Problem description: The listing below is to be written out word for word, minus its images.
*** Available data Section Begins ***
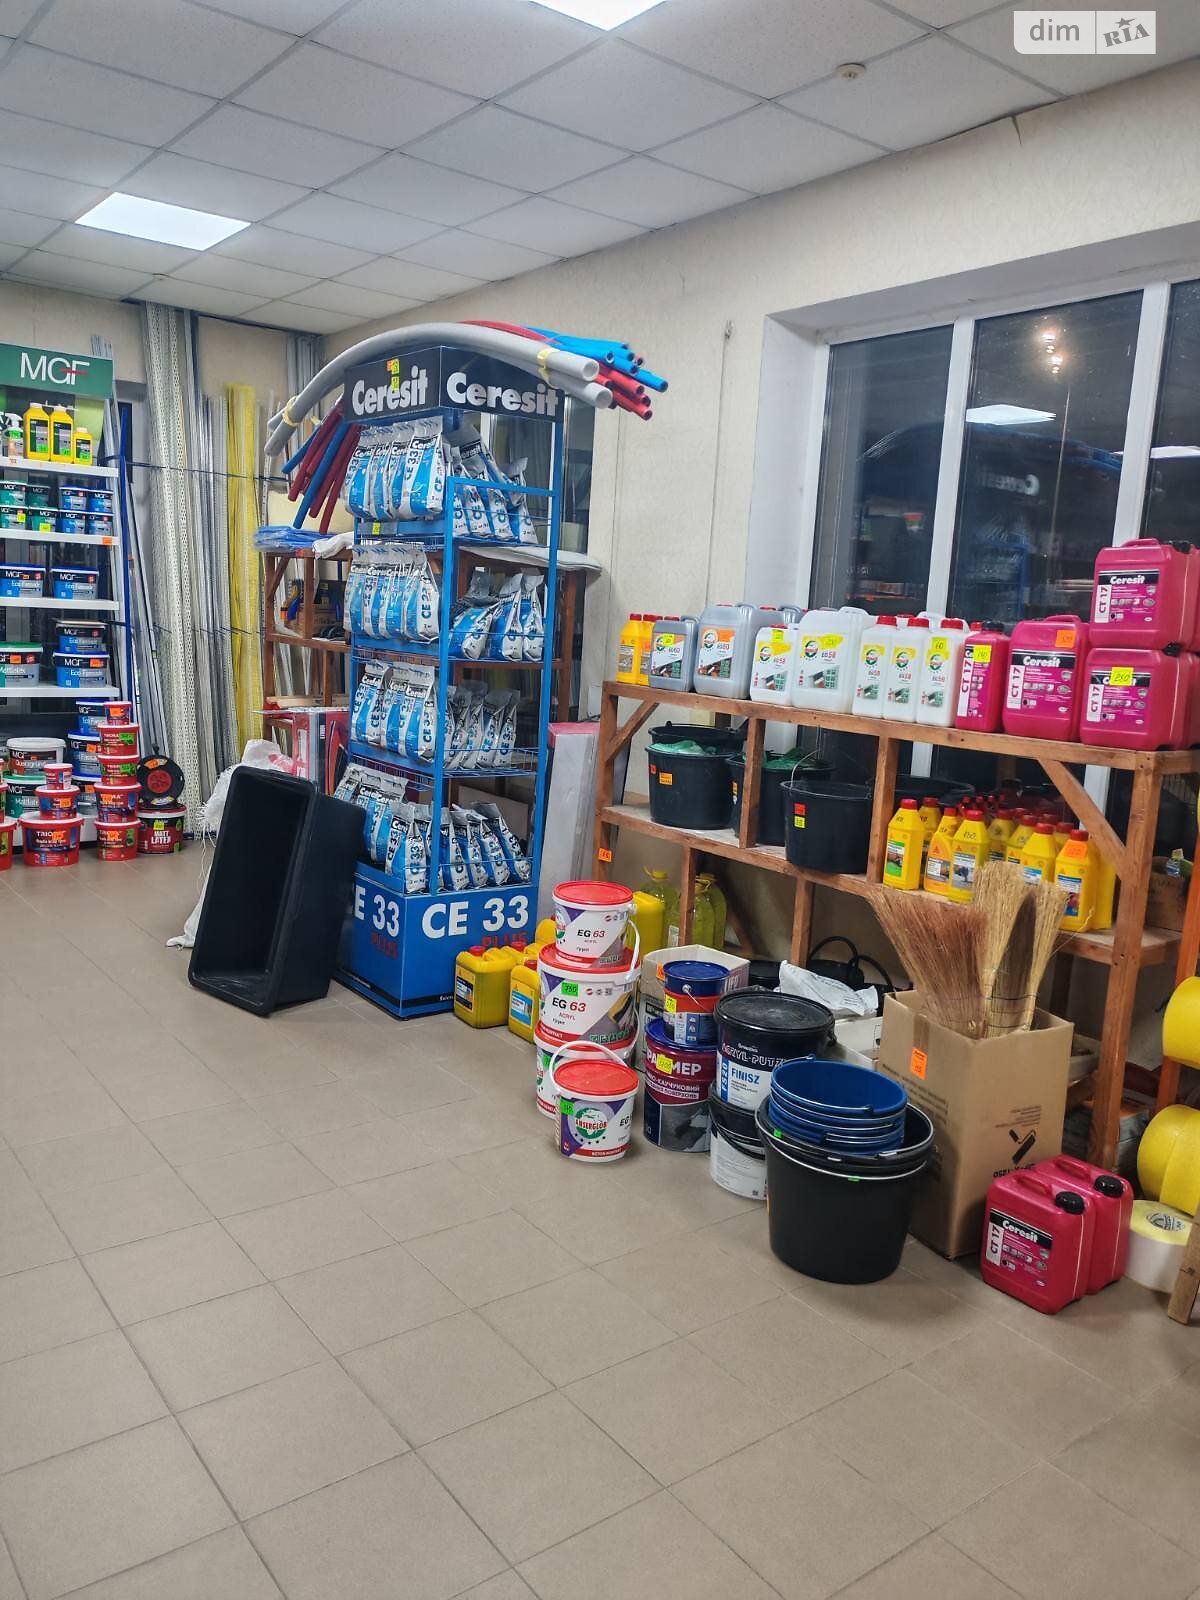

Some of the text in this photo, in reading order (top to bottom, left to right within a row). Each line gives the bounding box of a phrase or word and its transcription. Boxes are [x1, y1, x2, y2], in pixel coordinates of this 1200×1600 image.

[20, 352, 90, 385] MGF
[352, 366, 429, 415] Ceresit
[446, 371, 559, 416] Ceresit
[1110, 575, 1145, 584] Ceresit
[1098, 586, 1109, 613] CT 17
[1023, 656, 1061, 668] Ceresit
[1011, 683, 1019, 698] CT
[354, 885, 400, 937] E 33
[422, 895, 529, 939] CE 33
[577, 929, 606, 938] EG 63
[552, 997, 586, 1013] EG 63
[647, 1048, 702, 1076] РАМЕР
[731, 1067, 760, 1085] FINISZ
[1002, 1219, 1038, 1243] Ceresit
*** Available data Section Ends ***
Solved exercise:
Some of the text in this photo, in reading order (top to bottom, left to right within a row). Each line gives the bounding box of a phrase or word and its transcription. Boxes are [x1, y1, x2, y2], in pixel coordinates of this 1200×1600 image.

[20, 352, 90, 385] MGF
[352, 366, 429, 415] Ceresit
[446, 371, 559, 416] Ceresit
[1110, 575, 1145, 584] Ceresit
[1098, 586, 1109, 613] CT 17
[1023, 656, 1061, 668] Ceresit
[1011, 683, 1019, 698] CT
[354, 885, 400, 937] E 33
[422, 895, 529, 939] CE 33
[577, 929, 606, 938] EG 63
[552, 997, 586, 1013] EG 63
[647, 1048, 702, 1076] РАМЕР
[731, 1067, 760, 1085] FINISZ
[1002, 1219, 1038, 1243] Ceresit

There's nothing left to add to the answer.